血清样本解冻后混匀，按照试剂盒说明书采用ELISA检测试剂盒检测血清中骨碱性磷酸酶(BALP)、Ⅰ型胶原交联氨基端肽(NTX-Ⅰ)和抗酒石酸酸性磷酸酶(TRAP)含量。

1.9 苏木素-伊红染色

各组大鼠胫骨固定2周，经脱钙、包埋、切片后，进行苏木素-伊红染色。再经脱水、透明、封片后，于显微镜下观察骨组织形态及骨丢失情况。

1.10 Western blot检测

将胫骨切开，液氮中将其研磨粉碎成粉末，加入细胞裂解液。蛋白定量后，变性上样，凝胶电泳，转膜后封闭 2 h，加入一抗4 ℃孵育过夜，更换二抗，室温孵育 2 h。化学发光显色、分析。

1.11 统计学处理

数据采用均数±标准差表示，采用 SPSS 20.0 软件进行分析，组间比较采用单因素方差齐性分析，若方差齐，组间比较采用 LSDt检验；若方差不齐，组间比较采用 Dunnett’st检验，P<0.05表示差异有统计学意义。

2 结果

2.1 大鼠股骨生物力学变化

股骨三点弯曲试验表明，假手术组的最大载荷、刚度和最大应力均高于模型组，两组间比较差异有统计学意义(P<0.01)；与模型组相比，仙灵骨葆胶囊组和太白楤木高剂量组最大载荷、刚度和最大应力均显著提高(P<0.01)，见表1。
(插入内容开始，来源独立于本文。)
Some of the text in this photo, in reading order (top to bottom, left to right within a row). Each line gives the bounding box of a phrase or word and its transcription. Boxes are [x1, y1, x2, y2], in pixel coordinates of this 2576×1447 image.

表1 各组大鼠左侧股骨三点弯曲试验结果Table 1 Three-point bending test results of the left femur of rats in each group

2.2 大鼠股骨骨密度和微结构变化

各组大鼠股骨远端微结构见图1，骨密度和骨小梁参数见表2。与假手术组相比，模型组骨密度、骨组织比例、骨小梁数量和骨小梁厚度显著下降，骨小梁分离度显著增大(P<0.01)；与模型组相比，仙灵骨葆胶囊组和太白楤木高剂量组可提高骨密度、骨组织比例、骨小梁数量和骨小梁厚度，减小骨小梁分离度，差异具有统计学意义(P<0.01)。
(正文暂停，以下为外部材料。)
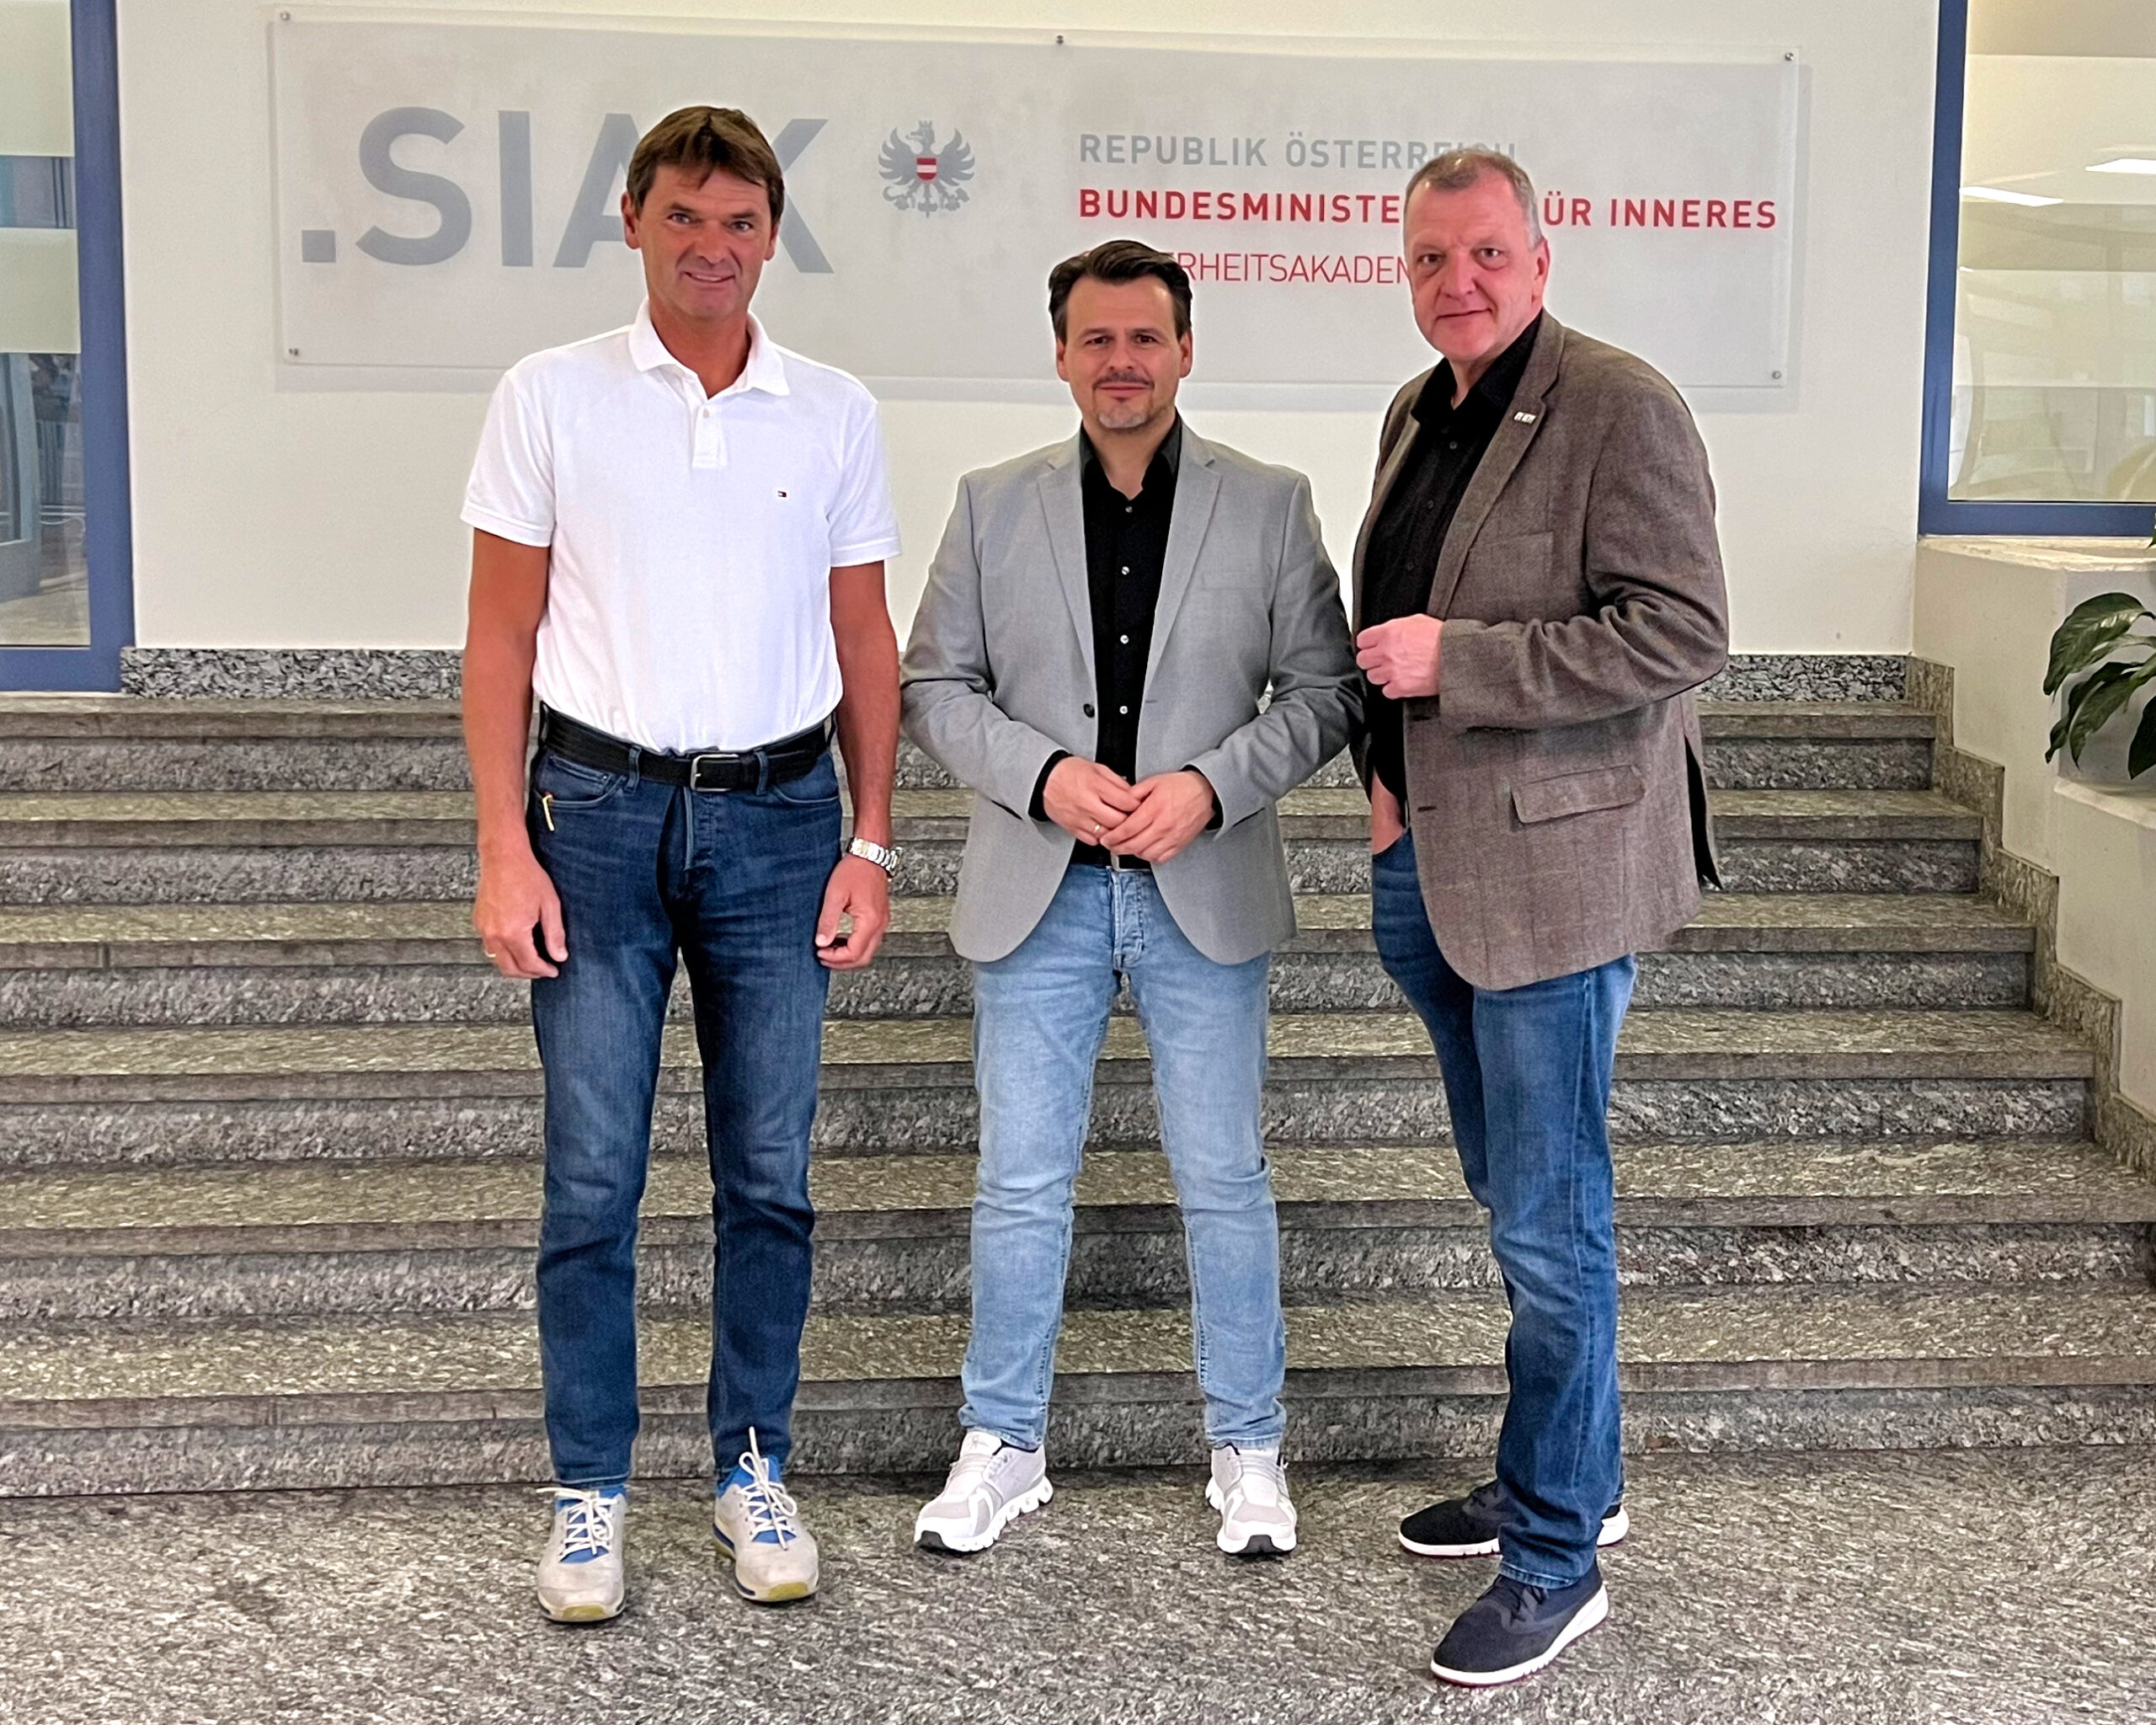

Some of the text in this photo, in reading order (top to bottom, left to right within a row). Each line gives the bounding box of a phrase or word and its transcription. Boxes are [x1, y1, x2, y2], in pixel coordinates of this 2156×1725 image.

[1080, 133, 1267, 168] REPUBLIK
[1079, 189, 1776, 228] BUNDESMINISTE ÜR INNERES
图1 各组大鼠股骨影像学变化Fig.1 Micro-CT imaging of the distal femurs of rats in each group

表2 各组大鼠股骨骨密度和微结构参数Table 2 Bone mineral density and microstructure parameters of the distal femurs of rats in each group

2.3 大鼠骨代谢相关生化指标

与假手术组相比，模型组血清BALP水平显著降低，NTX-Ⅰ和TRAP水平则显著升高(P<0.01)；与模型组相比，仙灵骨葆胶囊组和太白楤木高剂量组可显著提高BALP水平(P<0.01)，仙灵骨葆胶囊组、太白楤木低剂量组和太白楤木高剂量组显著降低NTX-Ⅰ和TRAP水平，见表3。
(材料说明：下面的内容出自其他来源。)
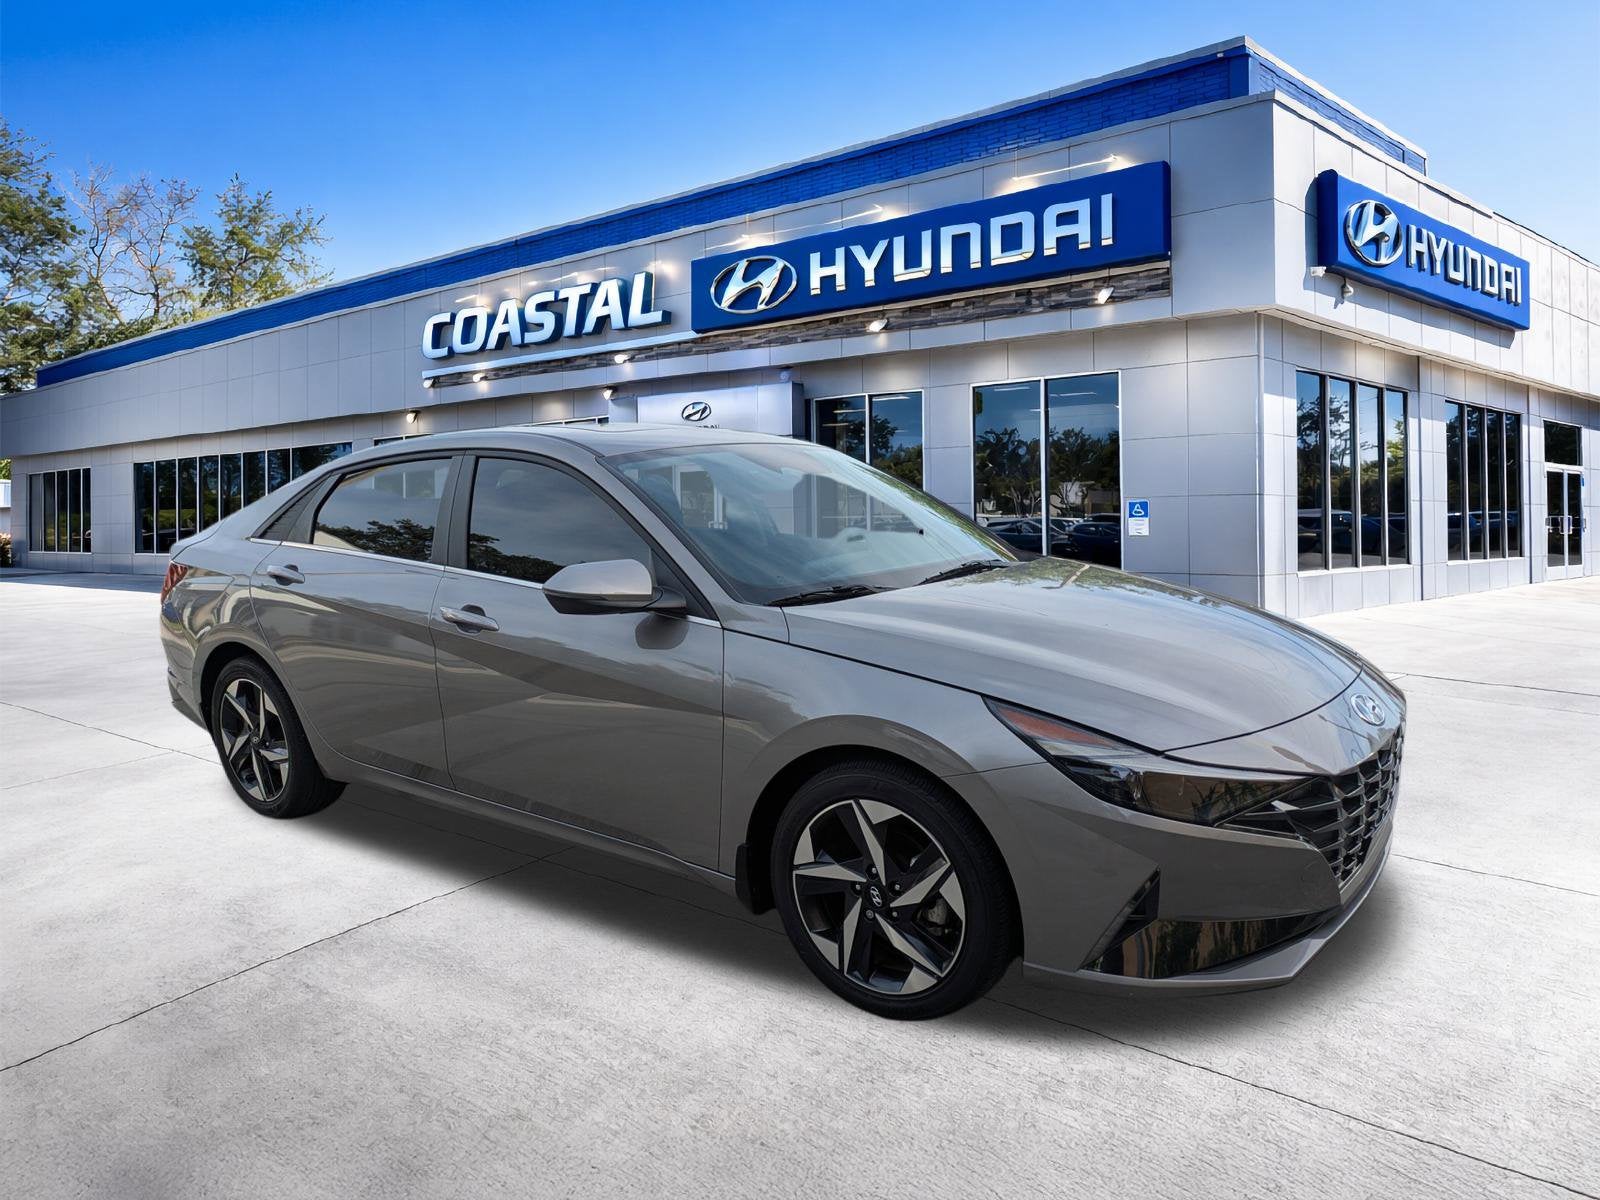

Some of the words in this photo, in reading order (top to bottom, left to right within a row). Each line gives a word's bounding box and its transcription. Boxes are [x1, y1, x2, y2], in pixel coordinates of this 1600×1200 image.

[809, 193, 1114, 296] HYUNDAI
[1407, 224, 1522, 305] HYUNDAI
[421, 271, 671, 360] COASTAL
表3 各组大鼠血清骨代谢指标Table 3 Serum bone metabolism markers of rats in each group

2.4 大鼠骨组织形态学观察

胫骨近端骨小梁组织切片如图2所示，假手术组大鼠骨小梁致密，骨小梁网状结构正常；模型组大鼠骨小梁疏松变薄，导致骨小梁间隙变宽；仙灵骨葆胶囊组骨小梁接近假手术组；太白楤木低剂量组和太白楤木高剂量组大鼠的骨小梁数量和连接增加明显。

图2 大鼠骨组织形态学观察(HE，×40)Fig.2 Bone histomorphometry of rats (HE, ×40)

2.5 大鼠骨组织相关蛋白表达水平及磷酸化对比

模型组Wnt3a、β-catenin和RUNX2蛋白表达水平均低于假手术组，p-β-catenin蛋白水平则高于假手术组，差异具有统计学意义(P<0.01)；与模型组相比，仙灵骨葆胶囊组和太白楤木高剂量组可提高Wnt3a、β-catenin和RUNX2蛋白表达，降低p-β-catenin蛋白水平，差异具有统计学意义(P<0.01)。见图3、表4。

图3 Western blot检测结果Fig.3 Results of Western blotting注：1：假手术组；2：模型组；3：仙灵骨葆胶囊组；4：太白楤木低剂量组；5：太白楤木高剂量组

表4 各组大鼠骨组织相关蛋白表达及磷酸化水平Table 4 Expressions and phosphorylation levels of bone-related proteins in rats in each group

3 讨论

骨质疏松症患者初期症状不明显，致使就诊率低，老年人多以骨质疏松性骨折为首发症状和就诊原因，因此防治骨质疏松性骨折发生也成为治疗骨质疏松症的重要目标[10]。三点弯曲试验是测定骨折过程中骨所能承受力学参数的常用试验。本研究采用三点弯曲试验对各组大鼠股骨骨折时的生物力学性能进行测定，结果显示太白楤木可在一定程度上逆转因去卵巢导致的大鼠骨生物力学性能下降。此外，骨质疏松症患者骨质减少往往导致骨小梁微结构的损伤，也会造成易发生骨折[11]。本研究显示，太白楤木可在一定程度上提高去卵巢大鼠骨密度，保护骨小梁微结构不被破坏。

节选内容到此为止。